Singapore, 21 Maret 2011 – Akibat gempa bumi dan tsunami yang terjadi, pertumbuhan PBD riil Jepang  diperkirakan akan melambat, namun perlambatan ini diperkirakan hanya sementara , dan akan kembali naik di pertengahan 2011 setelah upaya-upaya rekonstruksi berjalan. Hal tersebut disampaikan laporan Pemutakhiran Ekonomi Asia Timur dan Pasifik terkini yang diluncurkan hari ini. Meski masih terlalu dini untuk melakukan kajian lengkap, berdasarkan pengalaman Jepang yang lalu, upaya rekonstruksi akan berlangsung cepat dan dampak jangka pendek pada perekonomian Asia Timur akan terbatas.

Laporan yang berjudul Mengamankan Masa Kini, Membentuk Masa Depan (Securing the Present, Shaping the Future) ini telah dirampungkan beberapa pekan sebelum bencana melanda Jepang dan kemudian ditambahi dengan analisa awal tentang dampak bagi kawasan, terutama di sektor perdagangan dan keuangan. Analisa awal ini mengarah pada ketidakpastian dan tantangan-tantangan yang muncul akibat situasi reaktor nuklir di Jepang.

"Mengingat pentingnya posisi Jepang di kawasan Asia Timur, tentu saja dampak kejadian tragis ini akan dirasakan oleh kawasan. Namun masih terlampau dini untuk mengkaji kerusakan secara akurat,” ucap Vikram Nehru, Ekonom Utama Bank Dunia untuk kawasan Asia Timur dan Pasifik. “Untuk sekarang, kita perkirakan dampak bencana pada ekonomi kawasan Asia Timur tidak akan berlarut. Dampak terbesar yang akan langsung terasa adalah pada sektor perdagangan dan keuangan. Kita perkirakan pertumbuhan di Jepang akan kembali naik seiring dengan akselerasi upaya rekonstruksi.”

Untuk sektor perdagangan, dengan menggunakan gempa bumi Kobe tahun 1995 sebagai pedoman sejarah, perdagangan Jepang hanya akan melambat untuk beberapa triwulan saja. Sektor impor Jepang sepenuhnya pulih hanya dalam kurun satu tahun, sementara tingkat ekspor mencapai 85 persen dari tingkatan pra-gempa. Namun yang membedakan kali ini adalah kerusakan yang terjadi pada jaringan produksi, terutama di industri otomotif dan elektronik, dan hal ini dapat menjadi masalah yang berkelanjutan.
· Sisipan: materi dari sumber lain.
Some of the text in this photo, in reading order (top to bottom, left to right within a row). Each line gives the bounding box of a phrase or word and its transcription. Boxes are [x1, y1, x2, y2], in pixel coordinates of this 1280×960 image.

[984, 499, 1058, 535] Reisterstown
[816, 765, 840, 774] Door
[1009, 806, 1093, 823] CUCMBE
Di sektor keuangan, sekitar seperempat utang jangka panjang Asia Timur berdominasi yen Jepang – berkisar antara 8 persen di Cina sampai 60 persen di Thailand. Satu persen apresiasi untuk yen Jepang berarti peningkatan kurang lebih US$ 250 juta dalam hutang tahunan untuk aset dalam yen yang dimiliki oleh negara-negara berkembang di Asia Timur.
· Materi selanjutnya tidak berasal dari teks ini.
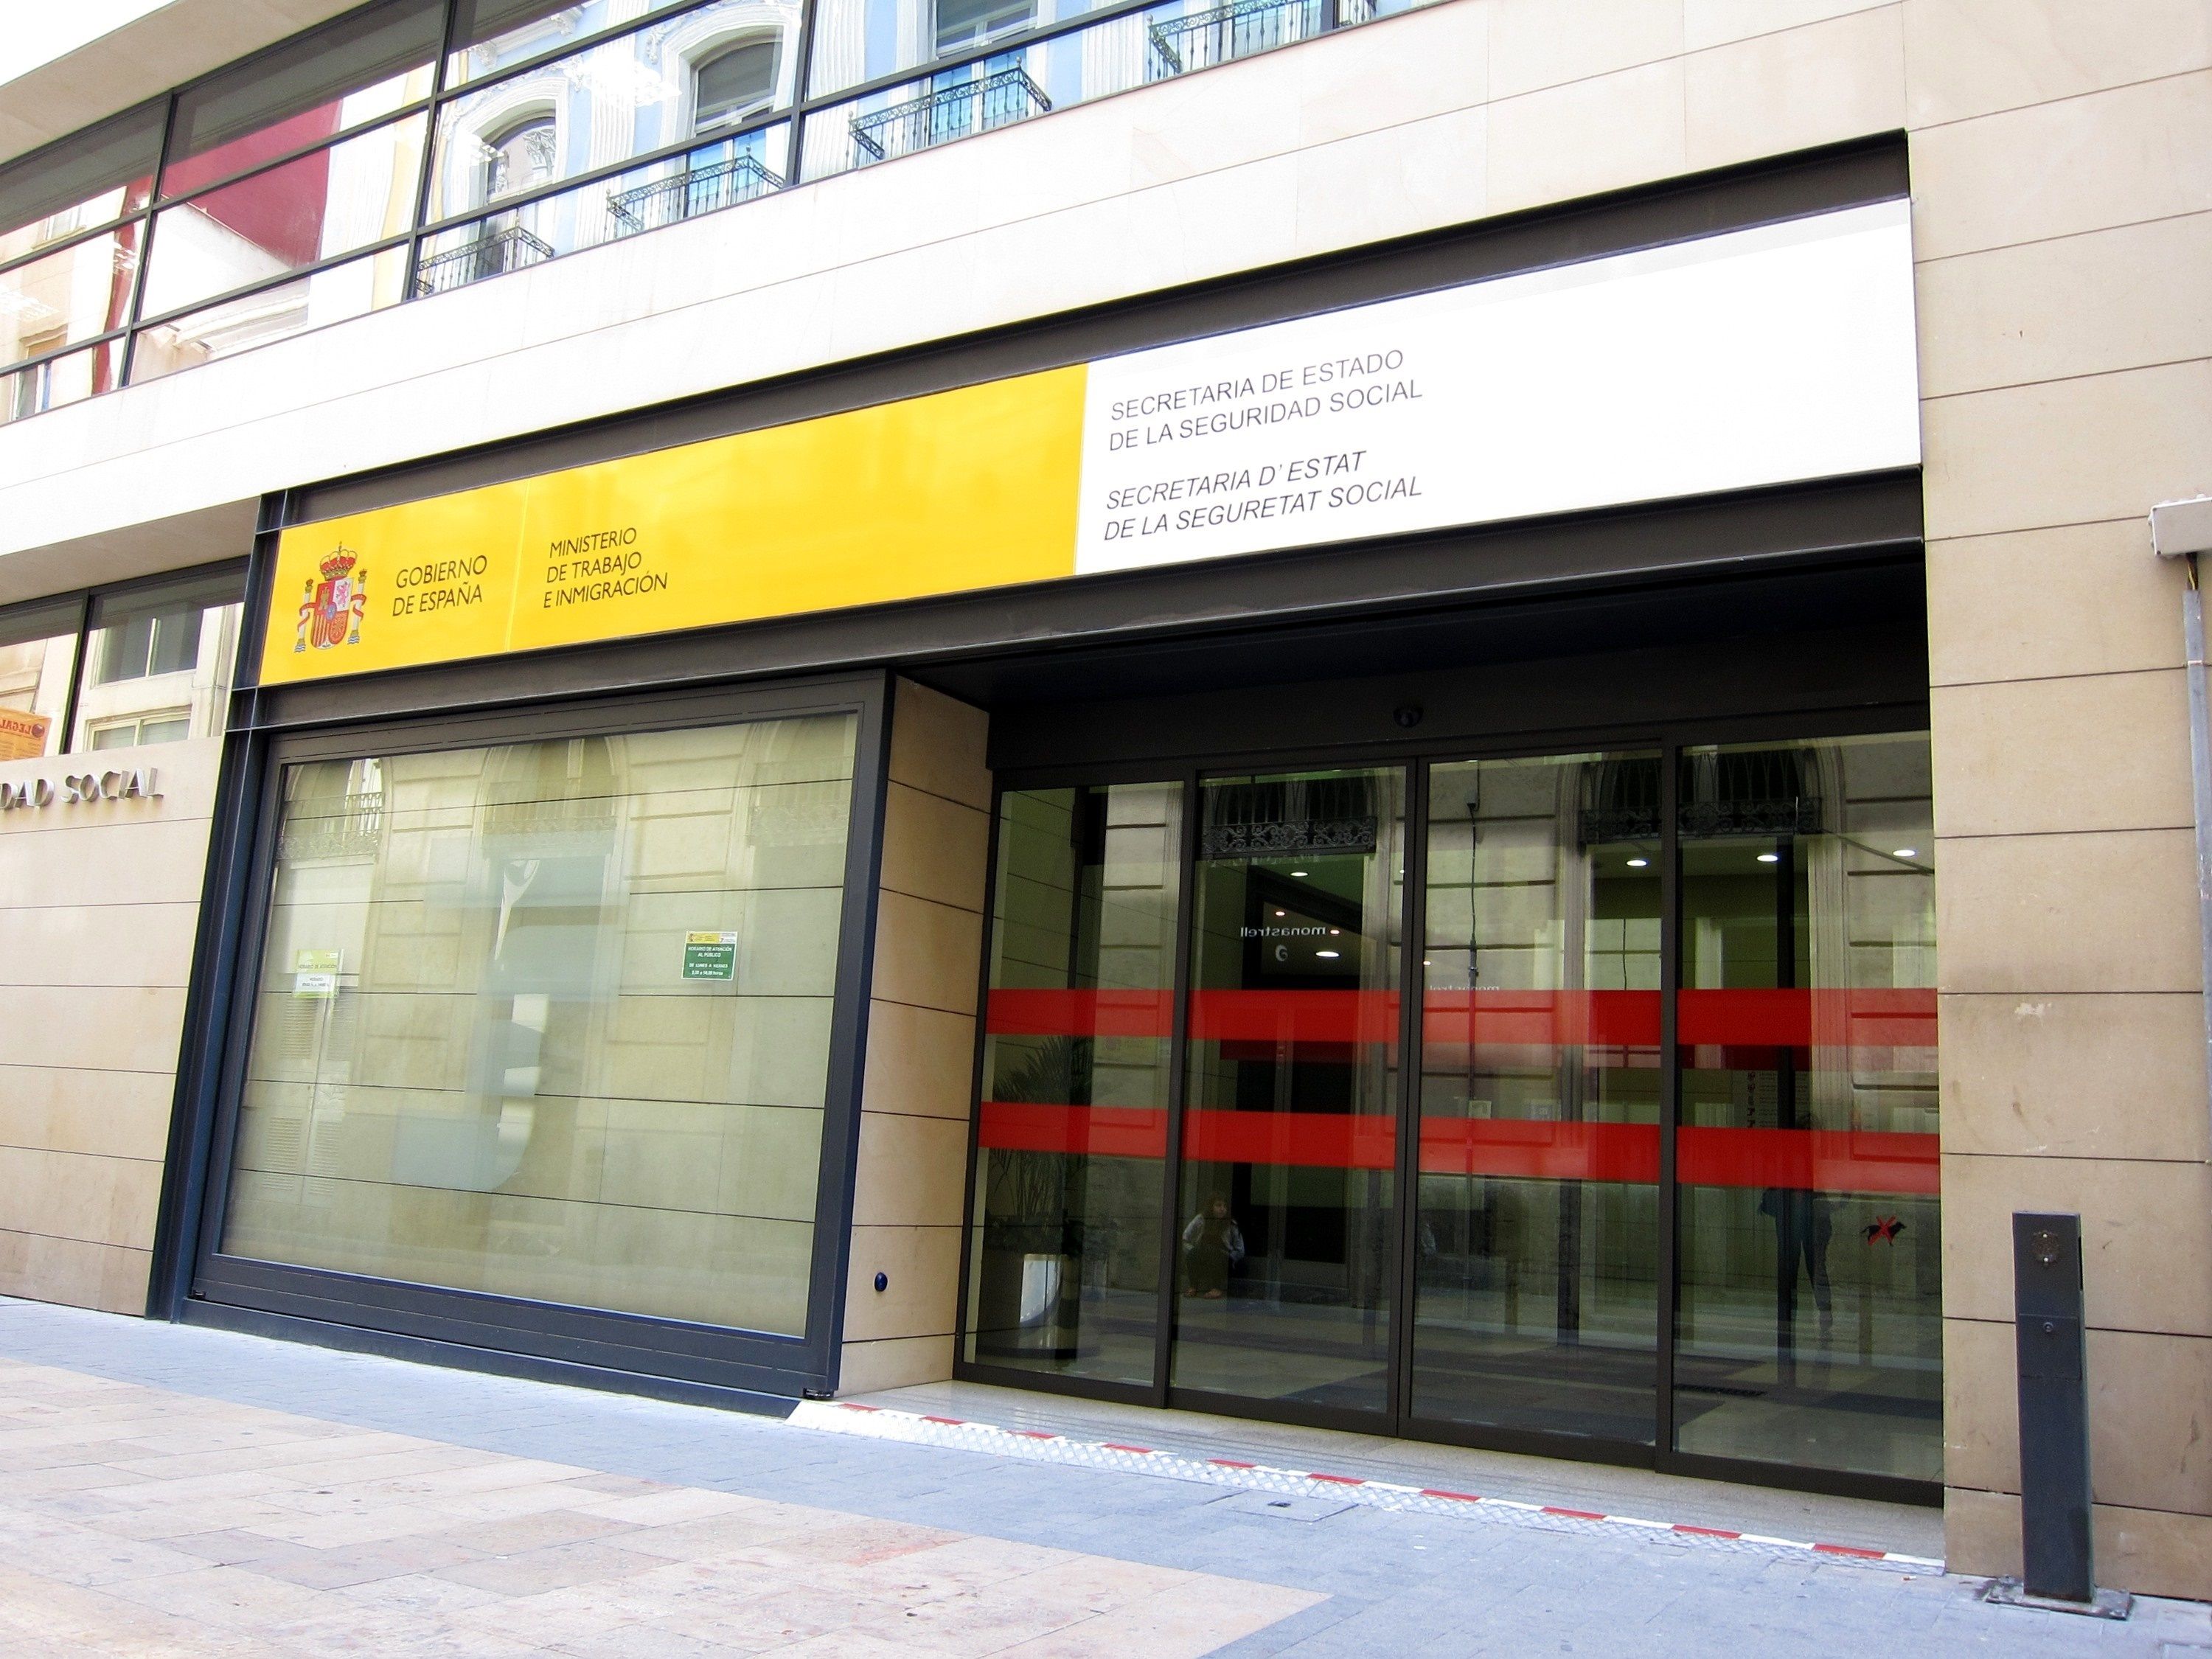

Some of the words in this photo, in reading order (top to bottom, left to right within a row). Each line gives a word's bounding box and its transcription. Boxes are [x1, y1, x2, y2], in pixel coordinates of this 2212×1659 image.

[1111, 378, 1255, 421] SECRETARIA
[1262, 369, 1293, 394] DE
[1302, 349, 1403, 386] ESTADO
[1110, 429, 1138, 451] DE
[1147, 423, 1173, 445] LA
[1180, 397, 1321, 439] SEGURIDAD
[1329, 379, 1423, 412] SOCIAL
[1107, 470, 1251, 509] SECRETARIA
[1287, 451, 1367, 482] ESTAT
[1104, 518, 1136, 540] DE
[1141, 514, 1168, 535] LA
[1175, 490, 1322, 531] SEGURETAT
[1328, 476, 1422, 508] SOCIAL
[549, 527, 636, 558] MINISTERIO
[395, 554, 487, 588] GOBIERNO
[546, 564, 567, 583] DE
[572, 552, 642, 578] TRABAJO
[392, 595, 417, 616] DE
[419, 582, 484, 613] ESPAÑA
[543, 591, 552, 608] E
[555, 571, 668, 606] INMIGRACIÓN
[60, 767, 164, 803] SOCIAL
Melihat kembali ke tahun 2010, laporan ini menggambarkan output pertumbuhan kawasan yang cukup kuat, dengan pertumbuhan PDB riil mencapai 9,6 persen untuk tahun yang bersangkutan. Pertumbuhan pun bersifat meluas: enam negara di kawasan berkembang Asia Timur tumbuh sebesar 7 persen atau lebih di 2010. Ini merupakan hasil dari stimulus fiskal dan moneter berkelanjutan dan pertumbuhan permintaan dari luar kawasan. Pertumbuhan PDB riil diproyeksikan akan mencapai 8 persen di tahun 2011 dan 2012.
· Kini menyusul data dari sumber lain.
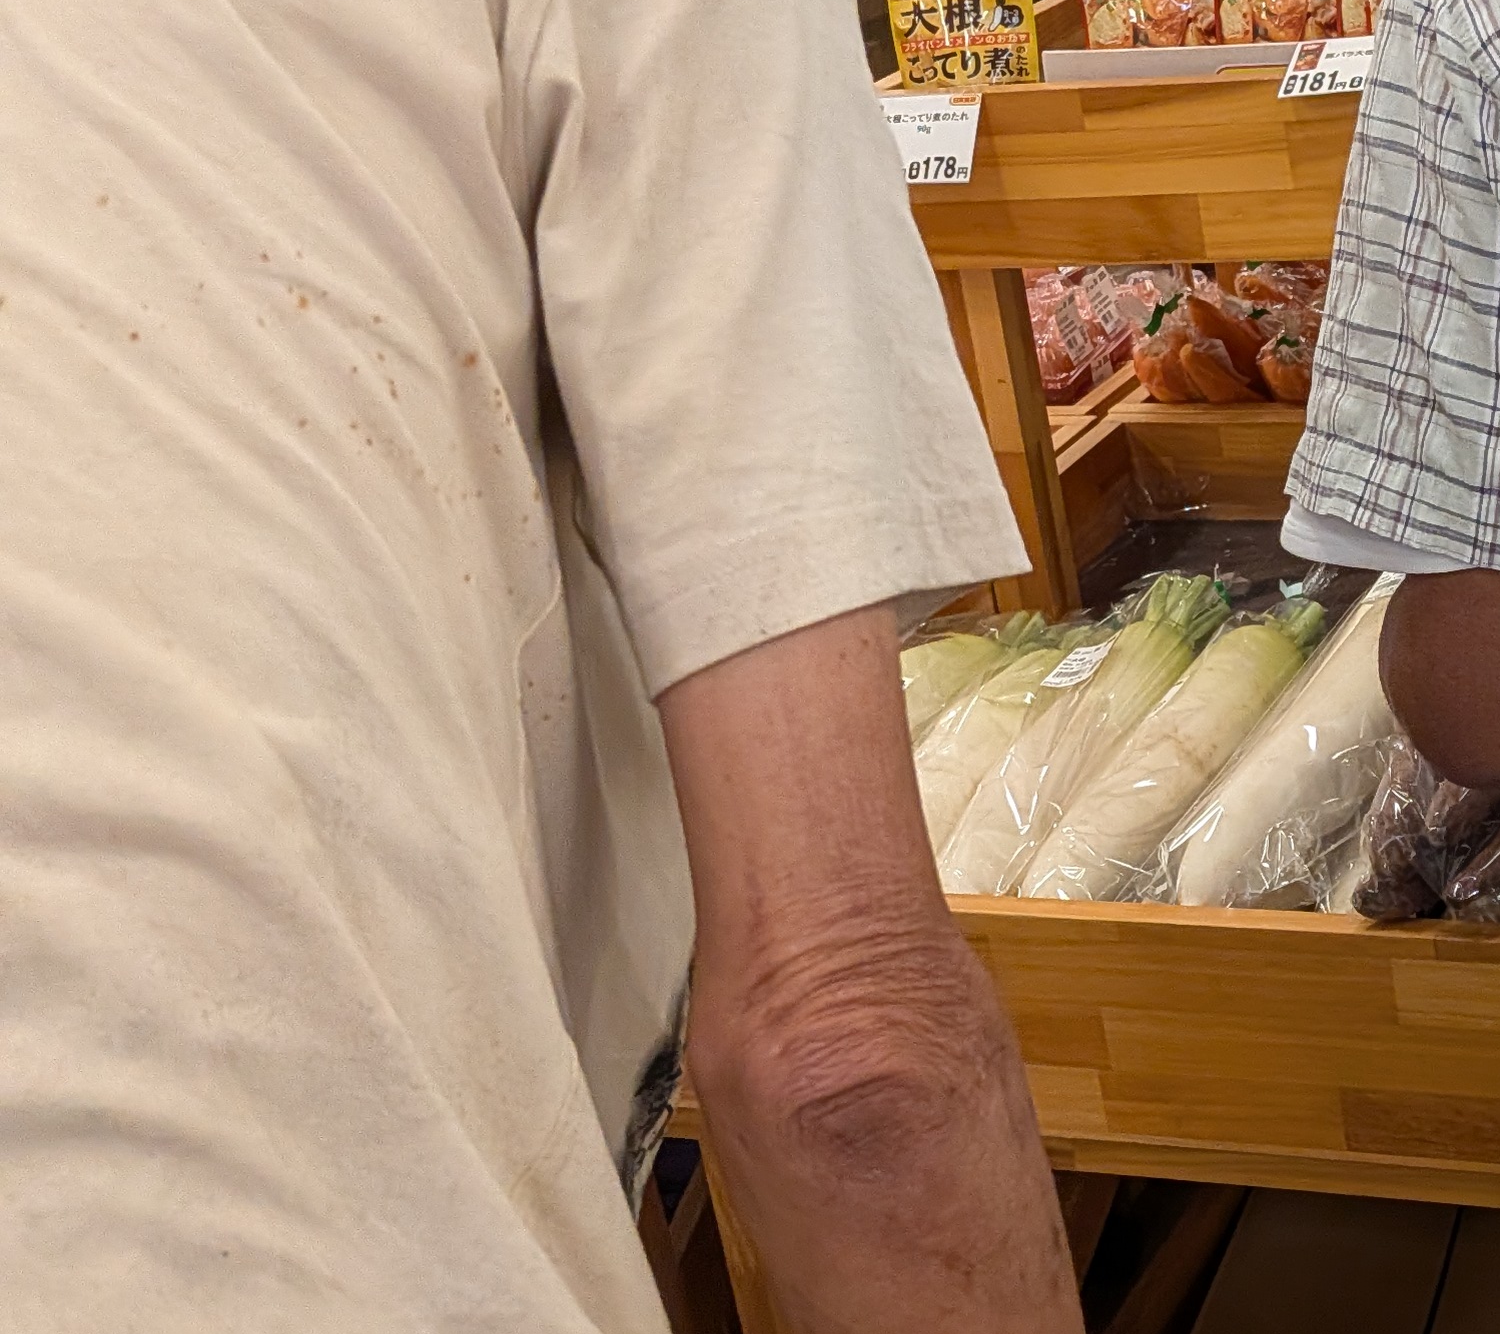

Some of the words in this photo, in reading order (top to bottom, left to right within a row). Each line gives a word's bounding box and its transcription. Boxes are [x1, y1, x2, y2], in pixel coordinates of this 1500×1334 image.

[906, 47, 1016, 84] こってり煮
[1015, 45, 1031, 78] のたれ
Output untuk 2011 diperkirakan akan lebih moderat karena melawan inflasi masih menjadi prioritas jangka pendek. Untuk menurunkan inflasi, negara-negara berpendapatan menengah di Asia Timur dihadapkan dengan pilihan kebijakan yang sulit, dimana penerapan kebijakan moneter menjadi rumit karena terjadi peningkatan arus masuk modal asing dalam bentuk investasi portfolio, begitu juga peningkatan harga pangan dan komoditas. Sebagian besar beban penyesuaian akan bergantung pada kebijakan fiskal , dimana tantangannya adalah menurunkan defisit dengan pesat, sekaligus menciptakan ruang fiskal untuk mendanai pembangunan infrastruktur, bantuan langsung tunai dan program-program perlindungan sosial lainnya.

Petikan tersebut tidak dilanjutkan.